Special exhibition 1 September 2021 – 1 November 2021
Studio F. A. Porsche is this year’s recipient of the honorary title “Red Dot: Design Team of the Year”, which has been bestowed annually since 1988 as part of the Red Dot Design Award to a design team that consistently impresses with outstanding design work. Continuing this long tradition, this year’s winning design team will also present its own special exhibition at the Red Dot Design Museum.
Studio F. A. Porsche – honest design as the key to success
Professor Ferdinand Alexander Porsche always liked to emphasise that “Good design has to be honest”. Together with his team, he designed the first Porsche 911 in 1963 and founded Studio F. A. Porsche in 1972. To this day, the design studio remains true to his philosophy. Based in Zell am See in Austria and with sites in Berlin, Ludwigsburg, Los Angeles and Shanghai, Studio F. A. Porsche today is one of the best-known design studios globally. Yet the team here does not design sports cars but functional and aesthetic products of outstanding quality, in keeping with the studio founder’s idea of creating products that become lifelong companions.
The Porsche 911 and its influence on other product areas
At the heart of the exhibition stands a scaled-down model of the historic Porsche 911, which already embodies all the design principles to which the studio is still committed today. Using current products including headphones, an e-bike, watches, sunglasses and a washing machine, the exhibition also demonstrates that these principles have lost none of their relevance and can also be applied to different product groups.

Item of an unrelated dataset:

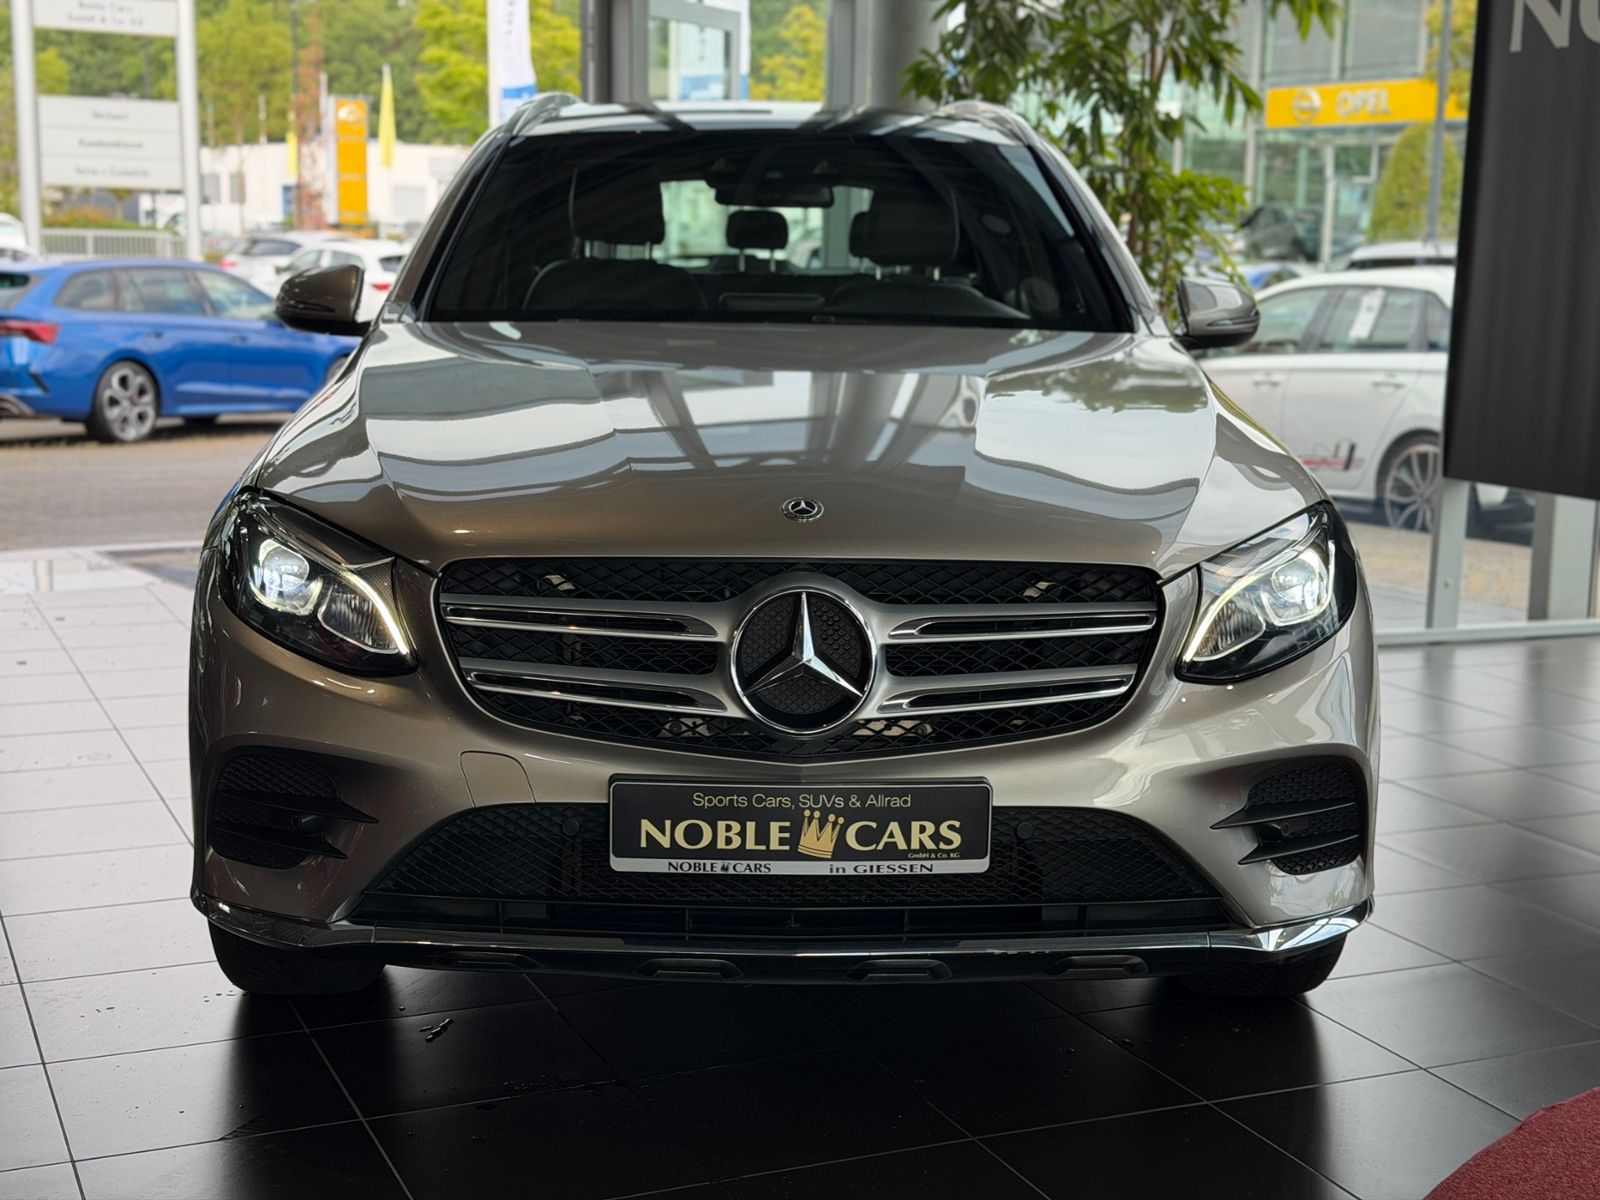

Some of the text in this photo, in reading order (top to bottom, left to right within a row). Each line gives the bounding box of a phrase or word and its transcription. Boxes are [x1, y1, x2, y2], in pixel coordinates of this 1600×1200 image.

The relationship between form and function
The exhibition’s title “Form Equals Function” references the design principle “Form follows function”, which was coined by the American architect Louis Henry Sullivan and later became the creed of many generations of designers. By contrast, Ferdinand Alexander Porsche was of the opinion that form should not follow function, but that the two aspects should instead be weighted equally. According to him, form and function can only develop their effect through the interplay with one another, with each aspect given meaning by its counterpart.
This becomes apparent in the exhibits from different product areas, including the “Tec Flex Ballpoint Pen”, in which form and function are intrinsically linked: the barrel of the pen is intersected by laser-cut incisions which nonetheless hold together like the links in a chain. By squeezing the barrel, the links are compressed and the ballpoint tip is revealed.